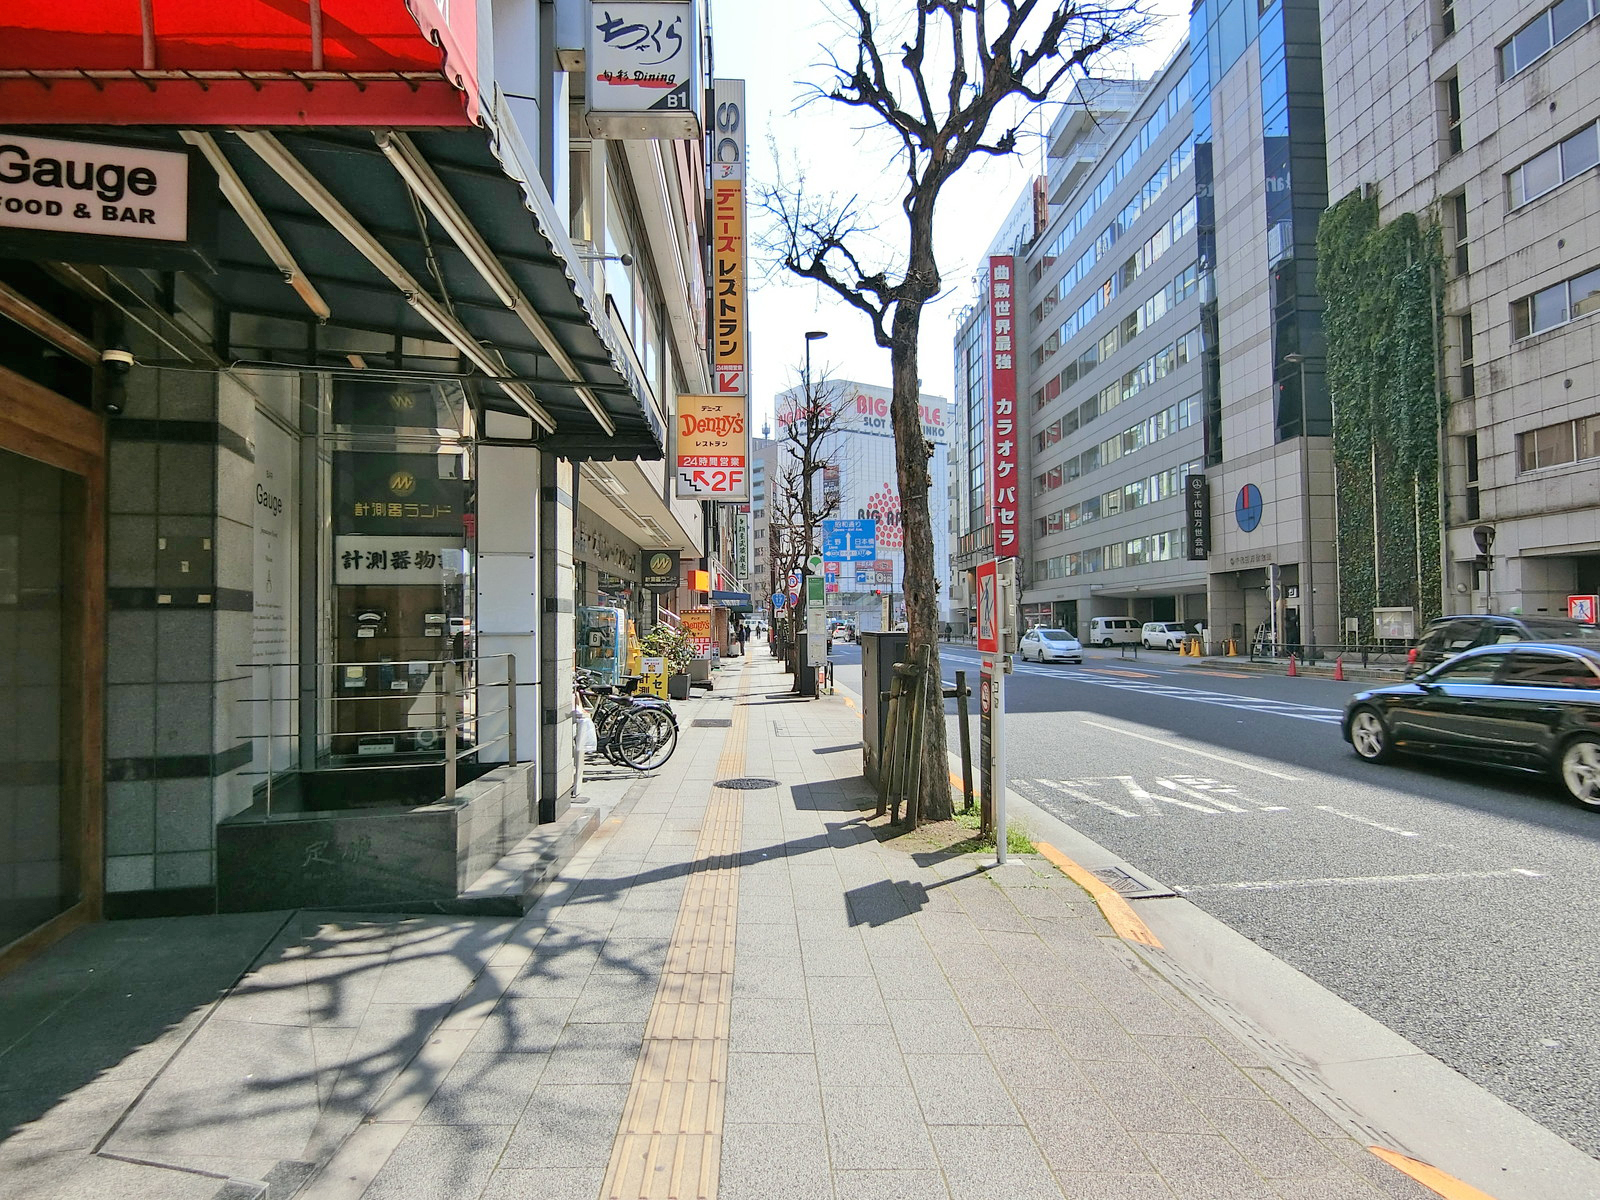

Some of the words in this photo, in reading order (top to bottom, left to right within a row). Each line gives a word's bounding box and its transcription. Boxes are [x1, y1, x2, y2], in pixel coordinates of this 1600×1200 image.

[634, 70, 676, 84] Dining
[667, 91, 687, 108] B1
[0, 144, 158, 202] Gauge
[0, 197, 63, 217] OOD
[73, 203, 91, 219] &
[102, 205, 156, 225] BAR
[717, 188, 741, 253] デニーズ
[719, 259, 738, 357] レストラン
[994, 264, 1012, 370] 曲数世界最強
[857, 395, 888, 417] BIG
[680, 413, 744, 437] Denny's
[864, 417, 886, 428] SLOT
[996, 398, 1015, 478] カラオケ
[683, 457, 740, 467] 24時間営業
[712, 471, 743, 491] 2F
[256, 483, 283, 517] Gauge
[355, 503, 452, 518] 計測器ランド
[998, 487, 1016, 546] パセラ
[1193, 491, 1204, 556] 千代田万世会館
[341, 551, 445, 571] 計測器物
[592, 633, 598, 642] 6
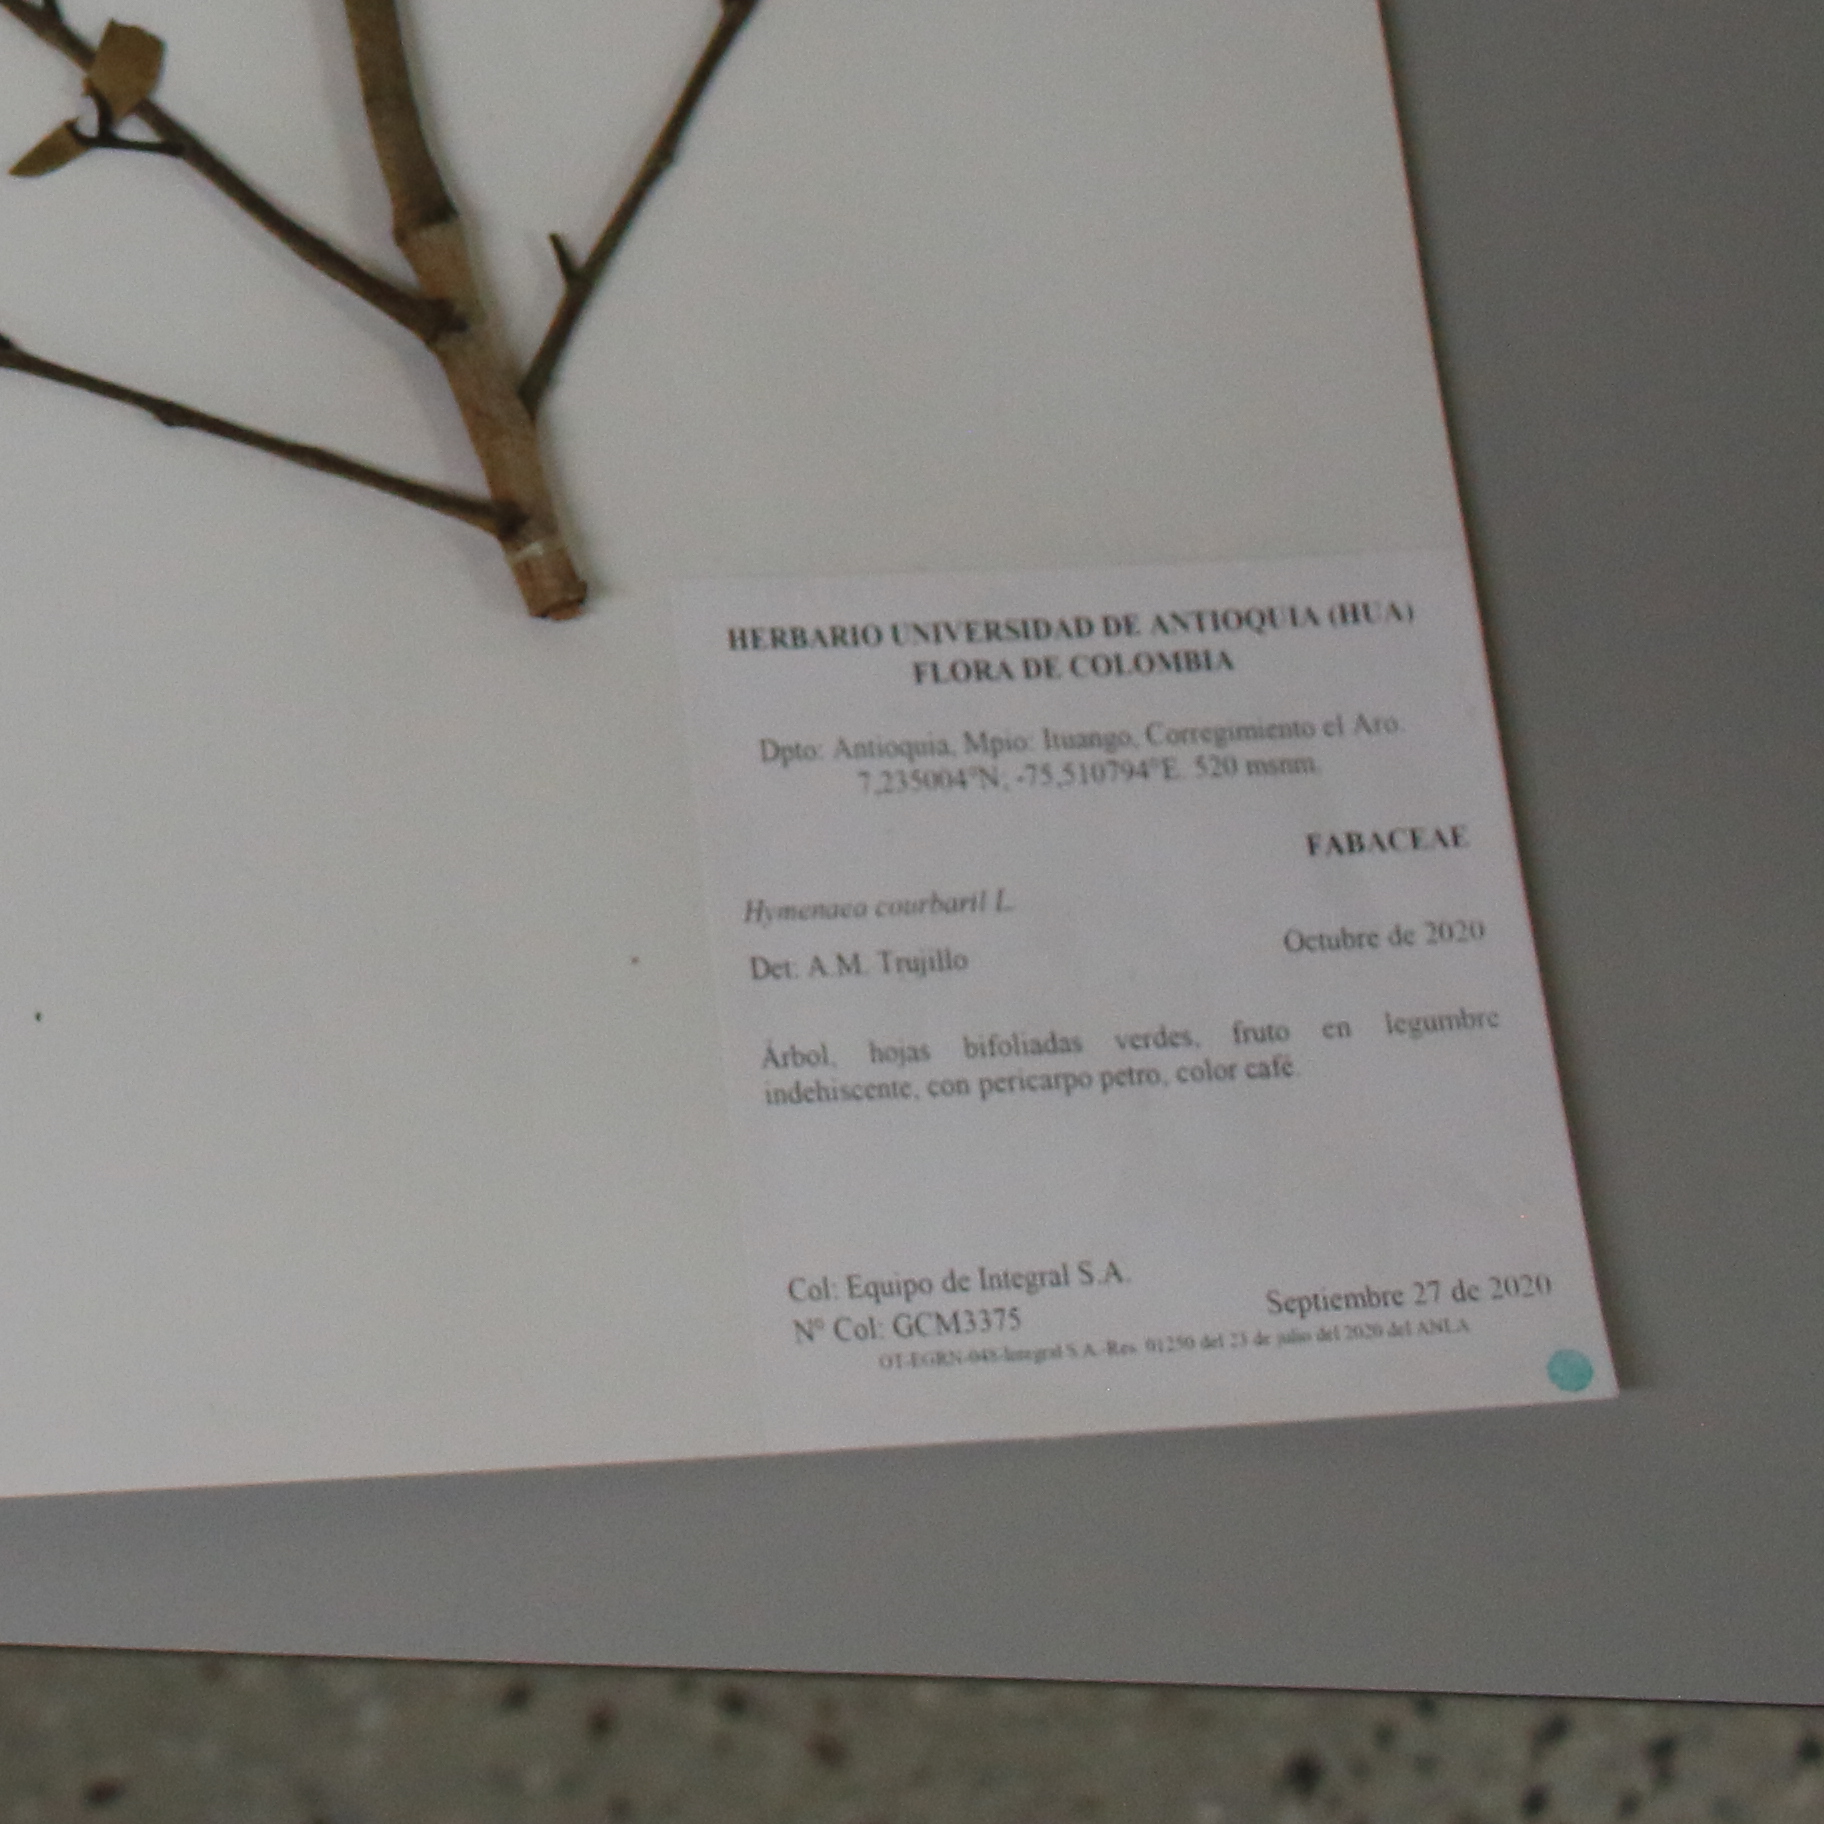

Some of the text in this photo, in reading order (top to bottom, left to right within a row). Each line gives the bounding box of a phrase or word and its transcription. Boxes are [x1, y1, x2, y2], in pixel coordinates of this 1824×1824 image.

WHAT TO PRODUCE:
Restate the listing above word for word, and skip the pictures.

RESULT OF THIS TASK:
Some of the words in this photo, in reading order (top to bottom, left to right within a row). Each line gives a word's bounding box and its transcription. Boxes are [x1, y1, x2, y2], in pixel coordinates of this 1600×1200 image.

[634, 70, 676, 84] Dining
[667, 91, 687, 108] B1
[0, 144, 158, 202] Gauge
[0, 197, 63, 217] OOD
[73, 203, 91, 219] &
[102, 205, 156, 225] BAR
[717, 188, 741, 253] デニーズ
[719, 259, 738, 357] レストラン
[994, 264, 1012, 370] 曲数世界最強
[857, 395, 888, 417] BIG
[680, 413, 744, 437] Denny's
[864, 417, 886, 428] SLOT
[996, 398, 1015, 478] カラオケ
[683, 457, 740, 467] 24時間営業
[712, 471, 743, 491] 2F
[256, 483, 283, 517] Gauge
[355, 503, 452, 518] 計測器ランド
[998, 487, 1016, 546] パセラ
[1193, 491, 1204, 556] 千代田万世会館
[341, 551, 445, 571] 計測器物
[592, 633, 598, 642] 6

Some of the text in this photo, in reading order (top to bottom, left to right within a row). Each line gives the bounding box of a phrase or word and its transcription. Boxes are [x1, y1, x2, y2], in pixel coordinates of this 1824×1824 image.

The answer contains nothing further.